Christian Kränkel, Anwohner:

„Ich wurde vor 35 Jahren in Wilhelmsburg geboren und seit meinem 15. Lebensjahr hab ich mit meinen Kumpels in dem Teil um die Kapelle auf der Parkbank gesessen… Wir haben da unser Bierchen getrunken – auch nachts nach 23 Uhr, und aus uns ist trotzdem was geworden: Sozialarbeiter, Lehrer, ich bin Physiker…. Wir haben 20 Jahre auf dieser Bank gesessen – unter einer wunderschönen Weide und wir haben uns damals gefragt, wer von uns Dreien als erstes nicht mehr zu dieser Bank kommen würde, weil er sich zu fein dafür ist. – Wer als erstes weg war, war diese Weide, weil sie im Zug der igs gefällt wurde. Und da frage ich mich – und die Bank wurde übrigens auch beseitigt – und da frage ich mich, ob wir die Vandalen sind, oder wer hier eigentlich der Vandale ist in dieser Diskussion.“

Silke Wölke, Anwohnerin:

„Ich glaube, dass es keinen gibt, der direkt hier Anwohner ist, der dafür ist, dass der Park nachts geschlossen wird.

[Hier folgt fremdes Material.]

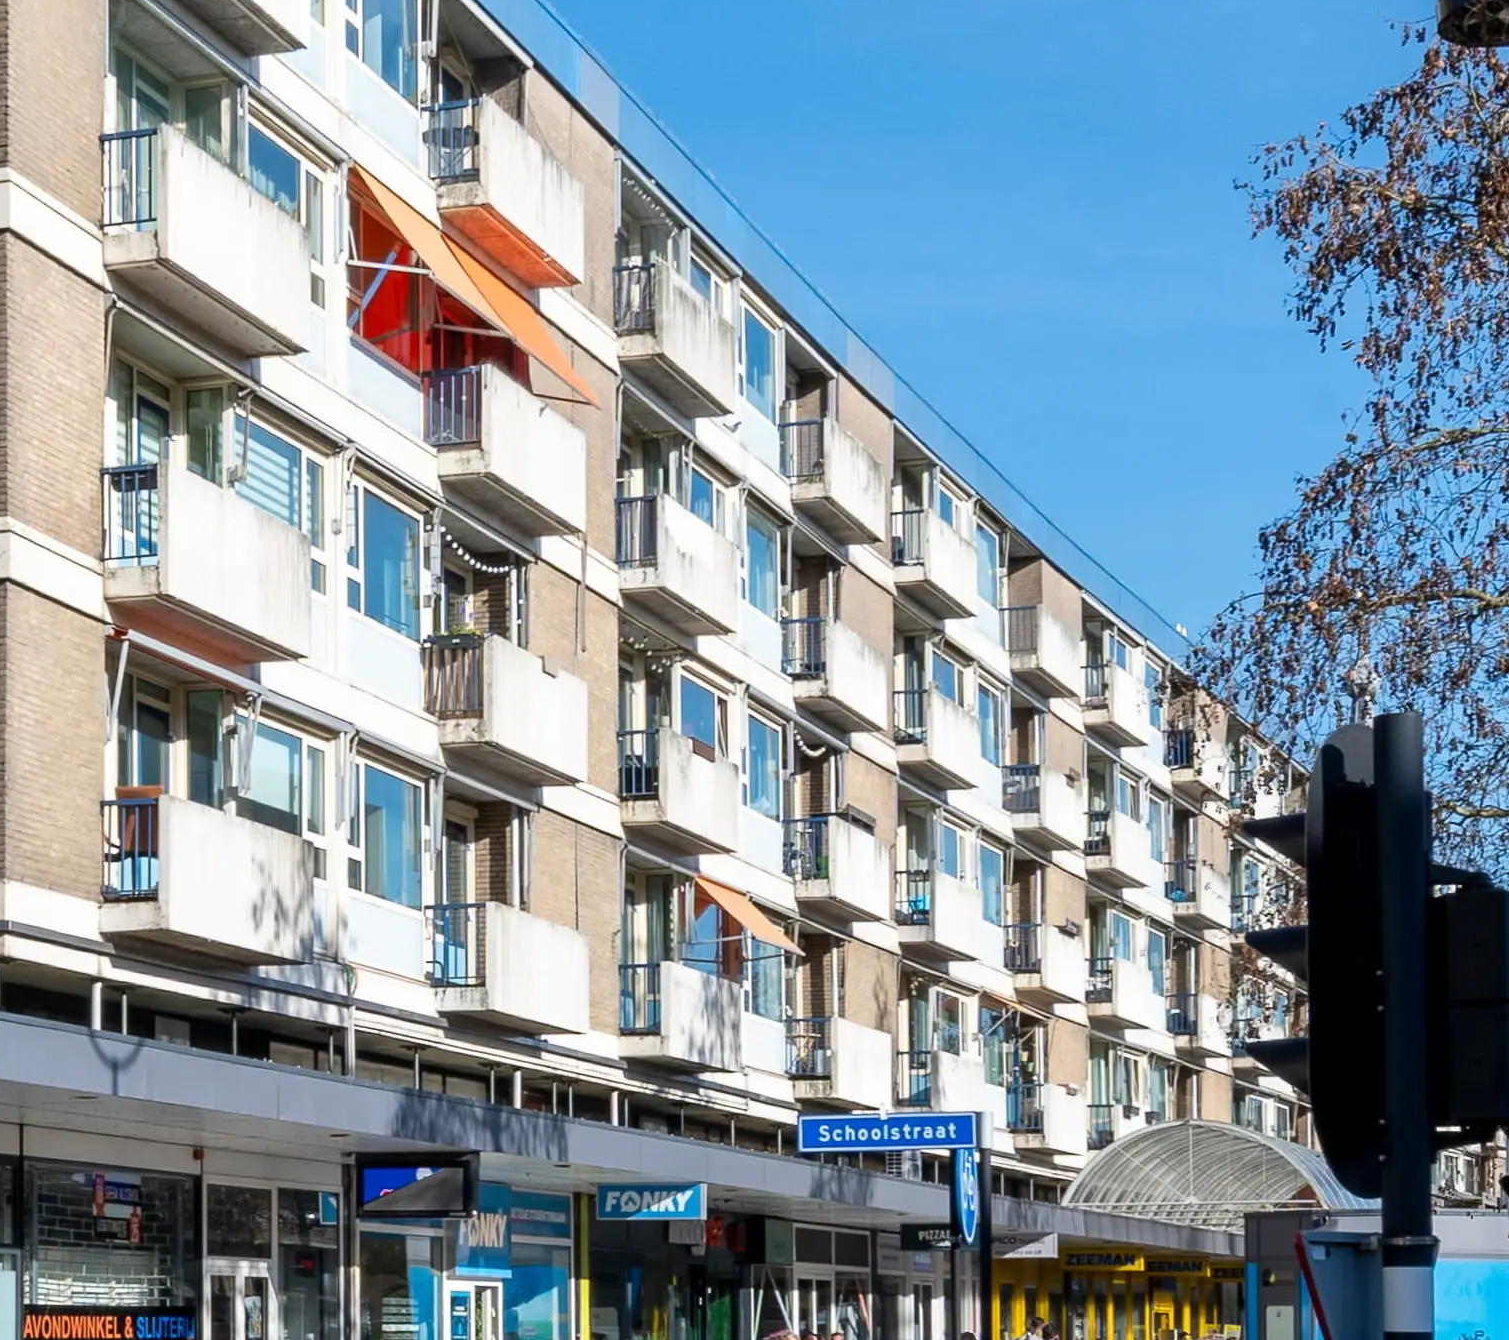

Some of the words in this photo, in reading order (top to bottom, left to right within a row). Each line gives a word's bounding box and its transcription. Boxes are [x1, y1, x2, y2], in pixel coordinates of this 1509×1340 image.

[817, 1121, 959, 1143] Schoolstraat
[604, 1190, 694, 1213] FONKY
[1066, 1253, 1136, 1266] ZEEMAN
[1147, 1260, 1202, 1272] EEMAN
[23, 1314, 122, 1340] AVONDWINKEL
[124, 1315, 134, 1339] &
[135, 1314, 196, 1340] SLIJTERIJ

Diejenigen, die das sagen, wohnen nicht direkt um den Park herum … für die werden keine Wege direkt zerschnitten…. Die Lebensqualität im Stadtteil wird deutlich herabgesetzt, wenn der Zaun bestehen bleibt. …Ich hab die ganzen Einschränkungen die Jahre vorher und während der Gartenschau ertragen und hab mich drauf gefreut, wie es hinterher ist und bin jetzt total enttäuscht, wenn der Zaun da stehen bleiben soll.“

Klares Signal aus Wilhelmsburg: Der Zaun soll weg:

Ausführlicher Bericht auf wilhelmsburgonline.de

Einen Film von der Debatte:

findet ihr hier:
http://www.youtube.com/watch?v=fXjL2OVJ5B8&feature=youtu.be

Vielen Dank an Klaus Schmidt für Aufnahme und Schnitt!

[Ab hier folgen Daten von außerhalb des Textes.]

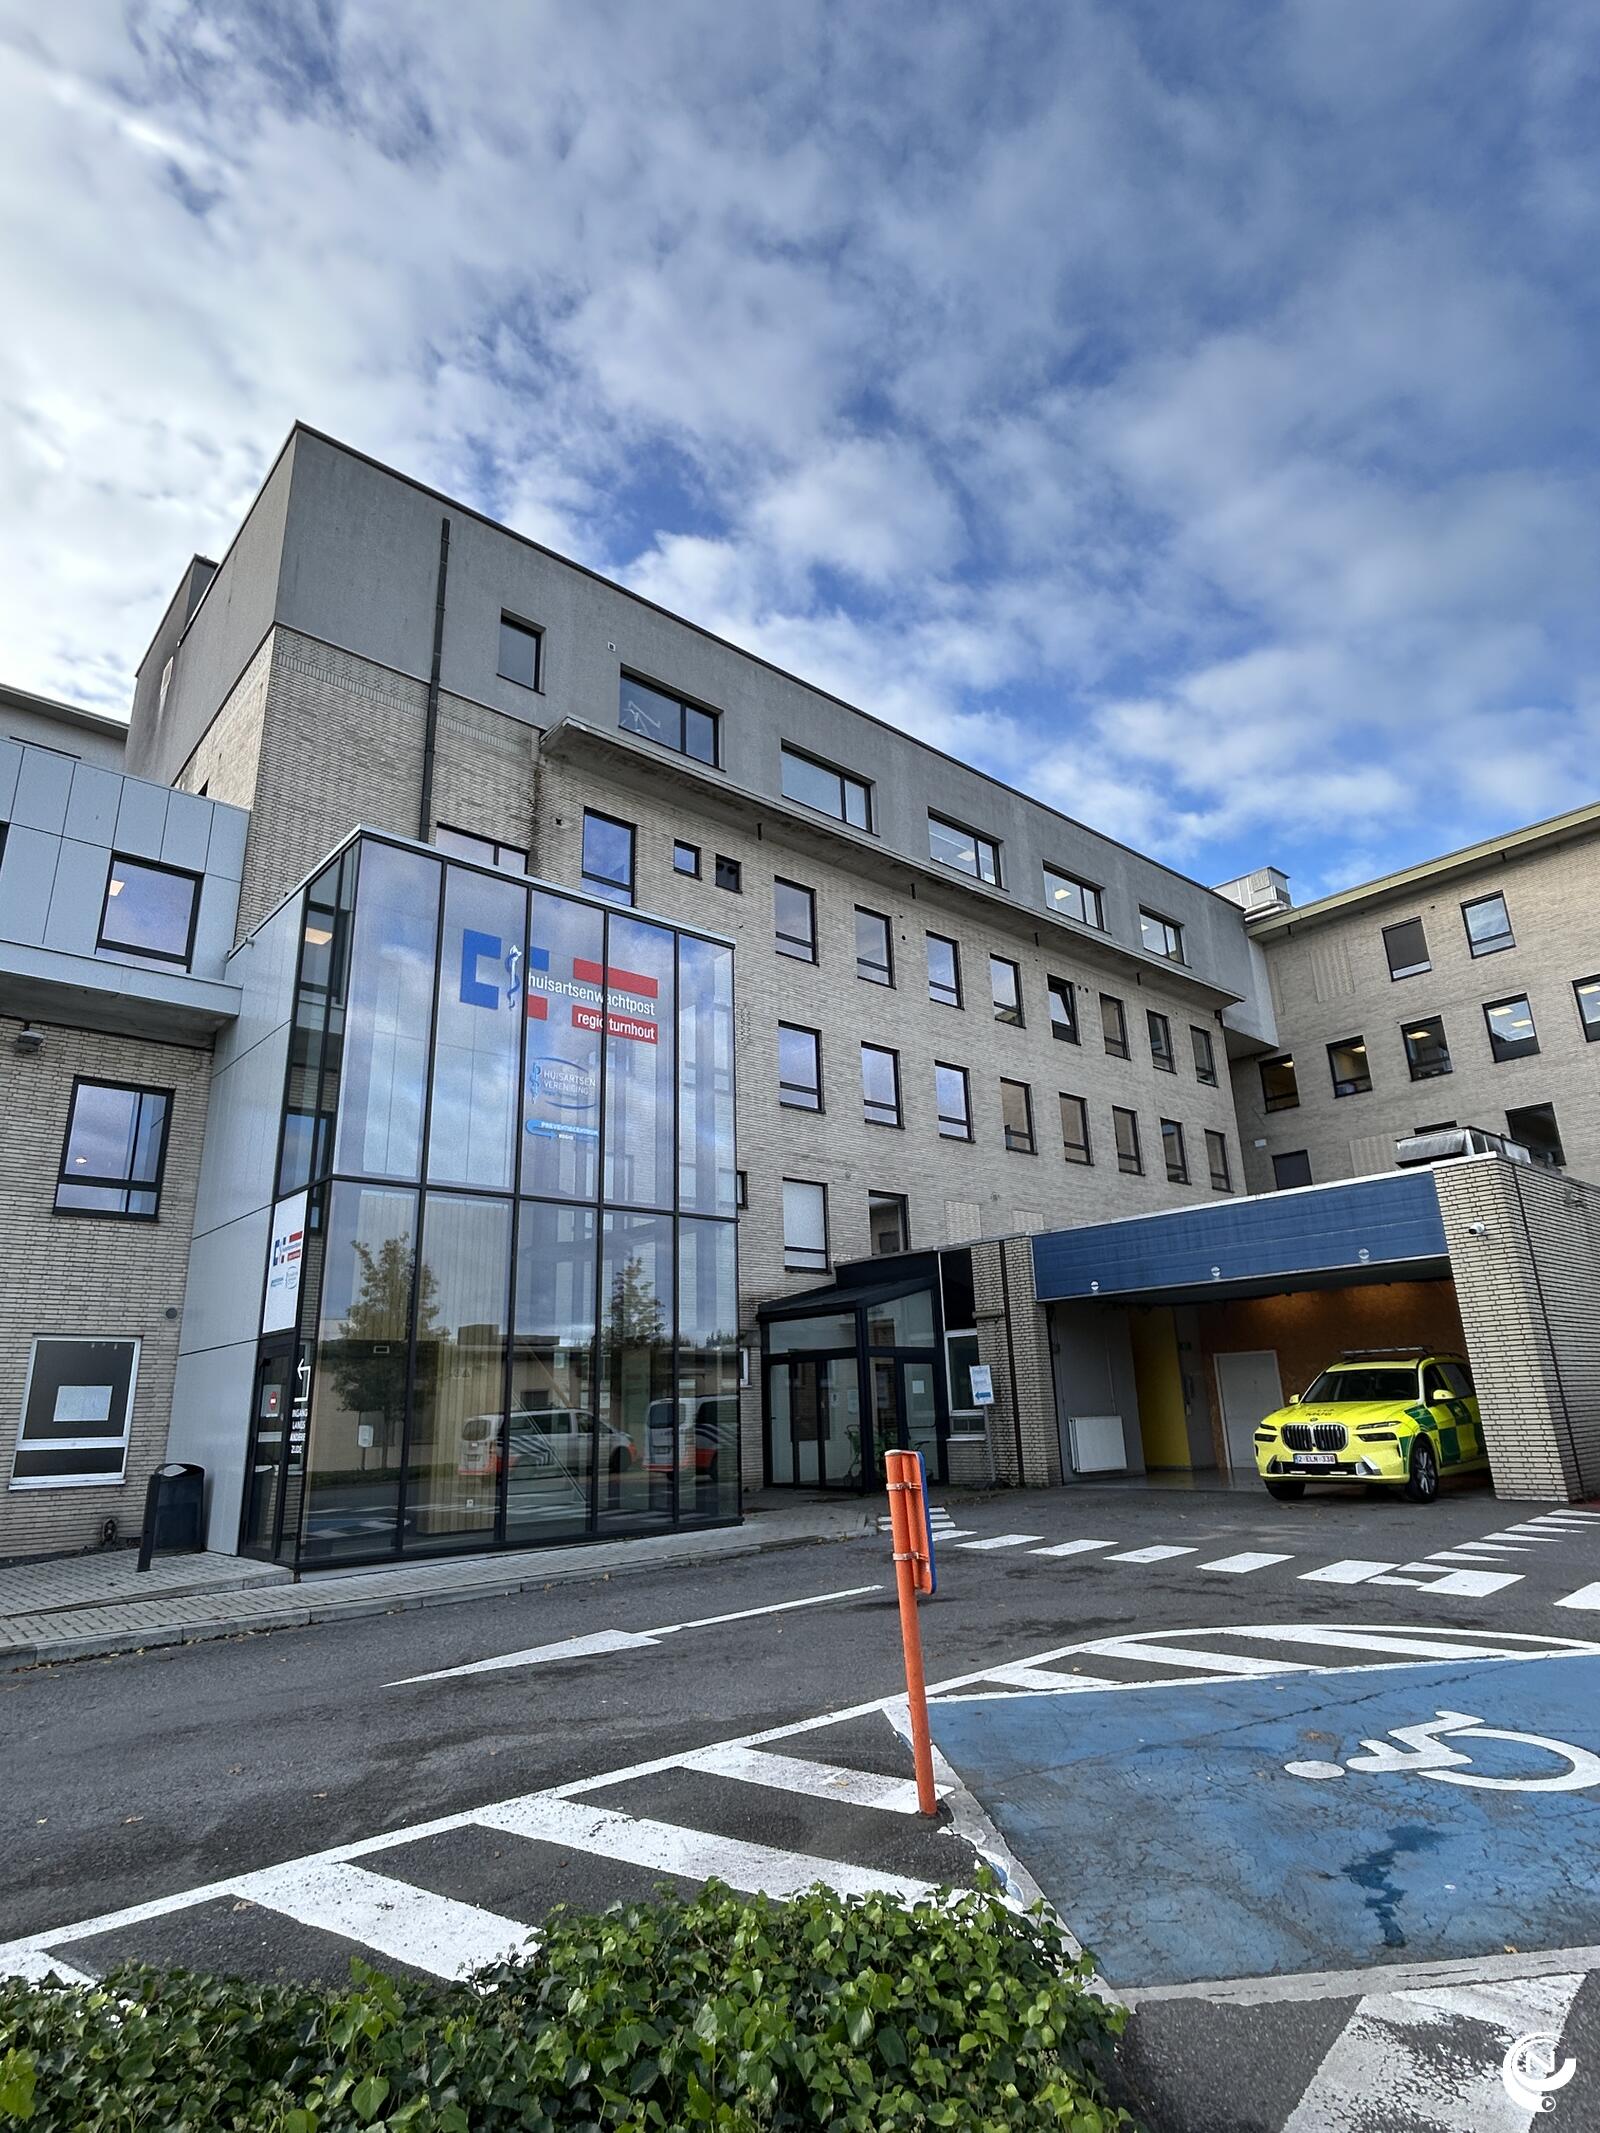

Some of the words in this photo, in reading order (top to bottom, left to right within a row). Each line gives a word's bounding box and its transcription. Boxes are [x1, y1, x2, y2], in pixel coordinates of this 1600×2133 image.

[528, 971, 656, 1016] huisartsenwachtpost
[608, 1018, 656, 1040] turnhout
[543, 1070, 596, 1087] HUISARTSEN
[543, 1080, 590, 1097] VERENIGING

Ton-Mitschnitt Park-Ratschlag am 11.2.2014

Sie brauchen sich nicht anmelden – entweder startet der Ton automatisch, oder Sie klicken auf den orangen Pfeil oben links.

Wilhelmsburg: “Das war schon immer unser Park”

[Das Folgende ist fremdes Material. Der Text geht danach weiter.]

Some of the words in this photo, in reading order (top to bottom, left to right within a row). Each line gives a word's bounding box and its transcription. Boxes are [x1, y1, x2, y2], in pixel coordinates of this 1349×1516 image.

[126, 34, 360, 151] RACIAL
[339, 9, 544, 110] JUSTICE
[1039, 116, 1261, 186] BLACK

„Auch nach dem Ende der Internationalen Gartenschau will das Bezirksamt Mitte den Zaun um das ehemalige Ausstellungsgelände stehen lassen. Doch viele WilhelmsburgerInnen sehen in dieser Maßnahme eine Vertreibung aus dem öffentlichem Raum – und kritisieren die mangelnde Dialogbereitschaft der Politik.“

Bericht auf HH-Mittendrin

Inselpark soll nachts schließen:

HA_13.02.2014_Inselpark soll nachts schließen

Hamburg Journal:

vom 12.2.2014  „Zaun oder nicht Zaun“

„Das Experiment wagen“

Bericht in „Der Neue Ruf“ am 15.2.2014

Das Experiment wagen – NeuerRuf

1 Antwort zu “Volkspark ohne Zaun! Klare Ansage beim Park-Ratschlag

  1. Antworten Andreas Schwarz Feb 14, 2014 15:50

    Als Besucher der Veranstaltung bin ich zu der Überzeugung gekommen, dass die Kontroverse zwischen dem mehrheitlichen Meinungsbild der Wilhelmsburger auf Selbstbestimmung und der Ansage von den Bezirk-Mitte-Vertretern auf Verwaltungsobrigkeit ähnlich eindeutige Züge hat, wie sie sich im Rahmen der notwendigen Anti-Gentrifizierungsdebatte auf St. Pauli sowie kürzlich in der Einrichtung von „Gefahrenzonen“ im Schanzenviertel widerspiegeln. Versuche einer Sozialraumplanung,die aus der nicht-institutionellen Basis der Mitbürger entstehen, werden seitens der Verwaltungsorgane nachwievor als systemische Unsicherheitsfaktoren identifiziert und eingestuft, anstatt das Potenzial, das sich in ihnen zeigt, kompetent und sinnvoll für eine Gestaltung des „Lebensraumes Stadt“ zu nutzen.
    Anhand der Zaun-Debatte zeigen sich mir wieder einmal die Auswüchse einer gesellschaftlich-ideologischen Sinnkrise, die nur durch beharrlich beherztes und entschiedenes Auftreten der Mitbürger für ein Recht auf Mitbestimmung geklärt werden kann. Überzeugen kann an dieser Stelle nur selbstverantwortliches Verhalten.
    Experiment Wilhelmsburg : Ein Park als Lebens- und Erfahrungsraum ohne Zaun setzt hier zum gegenwärtigen Zeitpunkt ein klares Signal für eine „sinnvoller werdende“ Stadtentwicklungspolitik – ein Signal, dem dann weitere Schritte folgen müssten.